11 September [1914]. Op straat durf ik het [dagblad] niet te ontplooien (…) Dat ik het op zak heb, is voor mij het bewijs dat Gent niet is ingenomen.

Karel van de Woestijne (1914)

Terug naar index

CANNAERT, JOZEF BERNARD

(Gent, 15.02.1768 - Gent, 17.11.1848)

Zoon van een bakker; jurist, in 1800 secretaris op de “mairie” te Gent; in de Hollandse tijd raadsheer bij het Hoge Gerechtshof in Brussel. Hij was lid van letterkundige genootschappen in Leiden en Utrecht.

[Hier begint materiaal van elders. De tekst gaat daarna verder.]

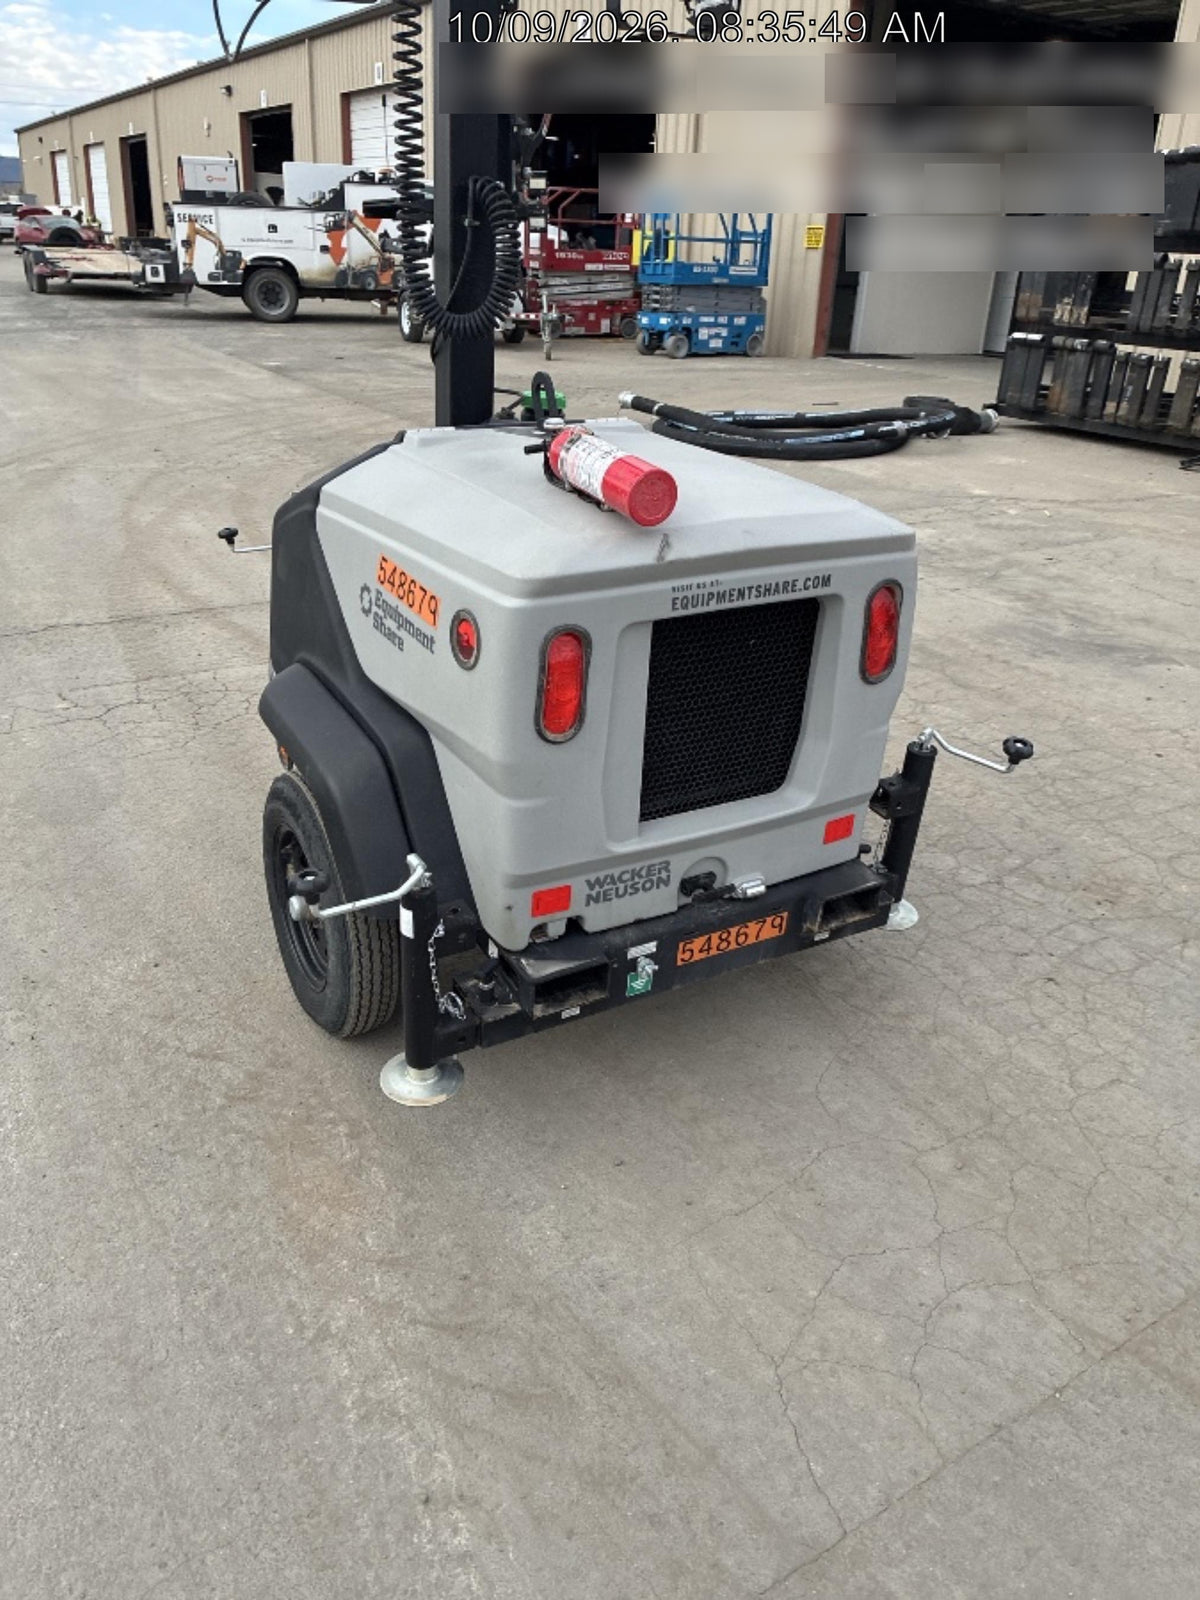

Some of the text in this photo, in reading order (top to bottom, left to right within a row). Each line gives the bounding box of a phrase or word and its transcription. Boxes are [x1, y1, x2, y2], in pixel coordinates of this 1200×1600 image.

[378, 555, 438, 627] 548679
[671, 574, 832, 612] EQUIPMENTSHARE.COM
[373, 611, 405, 652] Share
[375, 588, 436, 655] Equipment
[584, 860, 671, 891] WACKER
[584, 874, 671, 908] NEUSON
[680, 914, 784, 963] 548679

Tijdens de Brabantse Omwenteling zou Jozef Bernard Cannaert meegewerkt hebben aan het pro-jozefistische, scherp antiklerikale hekelschrift Die excellente print-cronike van Vlaenderen (1791). Men noemt hem ook als medewerker aan de Sysse-panne van Karel Broeckaert. Hij schreef een of meer korte verhalen voor de Dobbele Schapers Almanak voor 1816.

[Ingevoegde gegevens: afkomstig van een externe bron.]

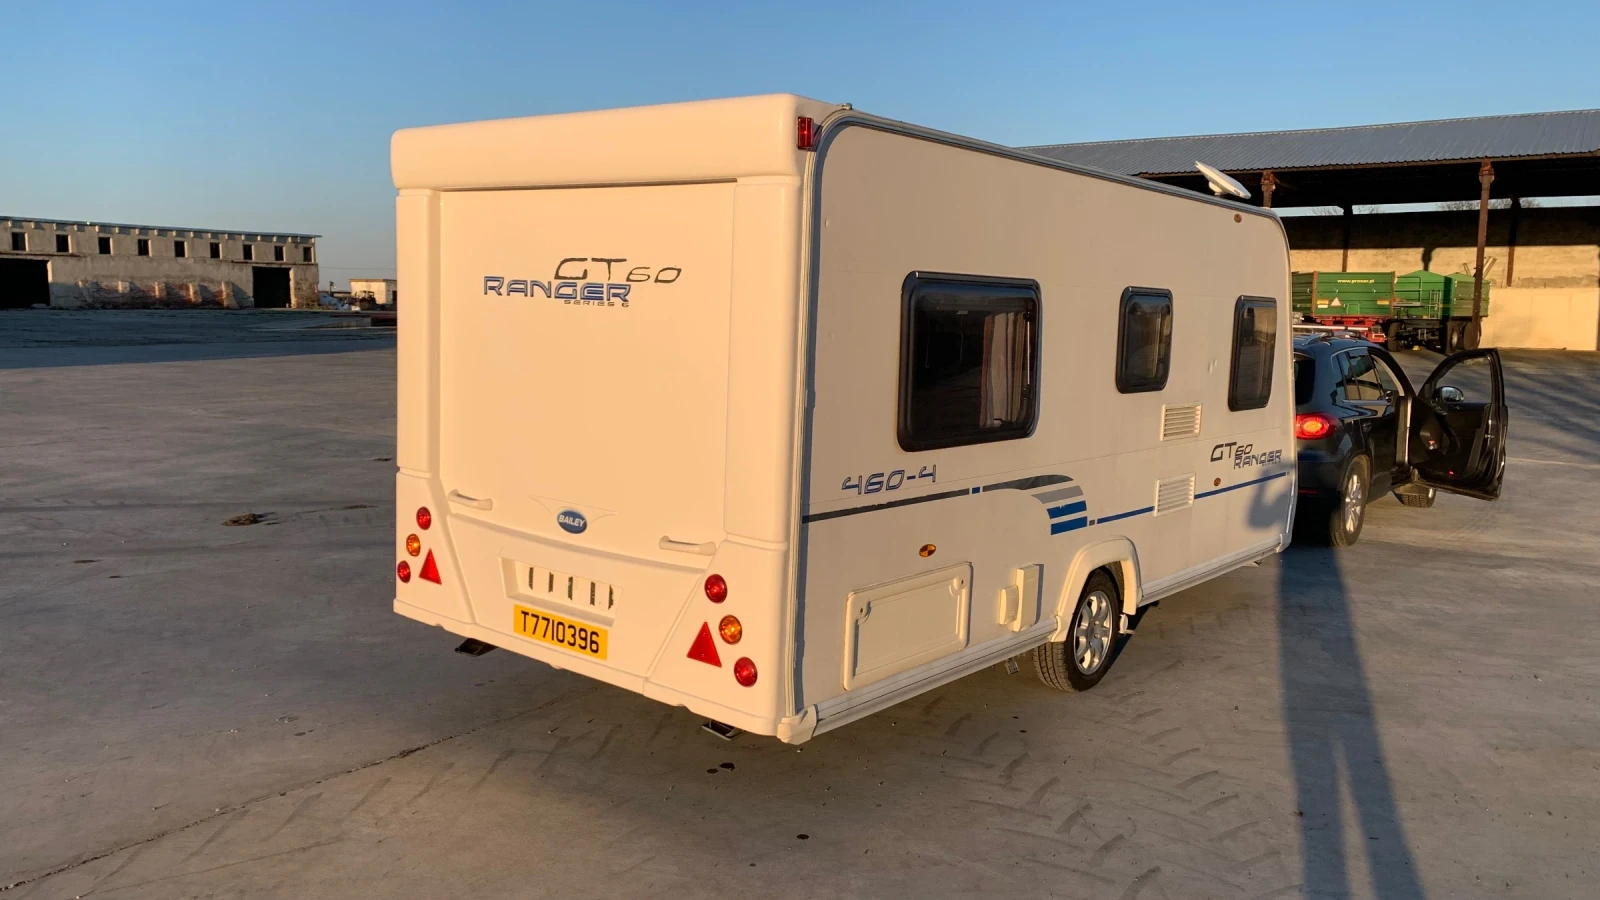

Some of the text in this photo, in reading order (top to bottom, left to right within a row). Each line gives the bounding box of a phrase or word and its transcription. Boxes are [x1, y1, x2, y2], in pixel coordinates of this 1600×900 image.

[483, 276, 632, 302] RANGER
[564, 299, 615, 307] SERIES
[1233, 449, 1283, 470] RANGER
[841, 464, 937, 495] 460-4
[558, 514, 586, 527] BAILEY
[520, 610, 600, 654] T7710396

In 1823 was Cannaert kandidaat voor de post van substituut van de procureur-generaal te Brussel. In dat jaar publiceerde hij anoniem de Gentsche Almanak voor den jaere 1823 die, behalve lokaalhistorische en rechtshistorische bijdragen, het verhaal Het Avond-partijtje bevat, een “tranche de vie” uit het Gentse volksleven met dialogen in Gents dialect. In meer dan één opzicht herinnert het aan Broeckaert. In hetzelfde jaar 1823 liet hij, ook anoniem, het werk Iets over de Hollandsche tael, noch voor, noch tegen verschijnen.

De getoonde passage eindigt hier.